[[ Supplied records, beginning ]]
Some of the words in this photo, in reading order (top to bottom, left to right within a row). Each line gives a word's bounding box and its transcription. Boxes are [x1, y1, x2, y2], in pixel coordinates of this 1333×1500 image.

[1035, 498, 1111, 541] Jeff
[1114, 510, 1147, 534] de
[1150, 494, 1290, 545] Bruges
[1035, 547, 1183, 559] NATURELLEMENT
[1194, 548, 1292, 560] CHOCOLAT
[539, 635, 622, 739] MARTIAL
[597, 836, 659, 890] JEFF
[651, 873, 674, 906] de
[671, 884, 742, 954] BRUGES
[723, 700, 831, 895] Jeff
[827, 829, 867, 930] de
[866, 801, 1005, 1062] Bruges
[[ Supplied records, end ]]
_What you will do_. Would you please repeat the entire listing, line for line?

_Solution below_.
Some of the words in this photo, in reading order (top to bottom, left to right within a row). Each line gives a word's bounding box and its transcription. Boxes are [x1, y1, x2, y2], in pixel coordinates of this 1333×1500 image.

[1035, 498, 1111, 541] Jeff
[1114, 510, 1147, 534] de
[1150, 494, 1290, 545] Bruges
[1035, 547, 1183, 559] NATURELLEMENT
[1194, 548, 1292, 560] CHOCOLAT
[539, 635, 622, 739] MARTIAL
[597, 836, 659, 890] JEFF
[651, 873, 674, 906] de
[671, 884, 742, 954] BRUGES
[723, 700, 831, 895] Jeff
[827, 829, 867, 930] de
[866, 801, 1005, 1062] Bruges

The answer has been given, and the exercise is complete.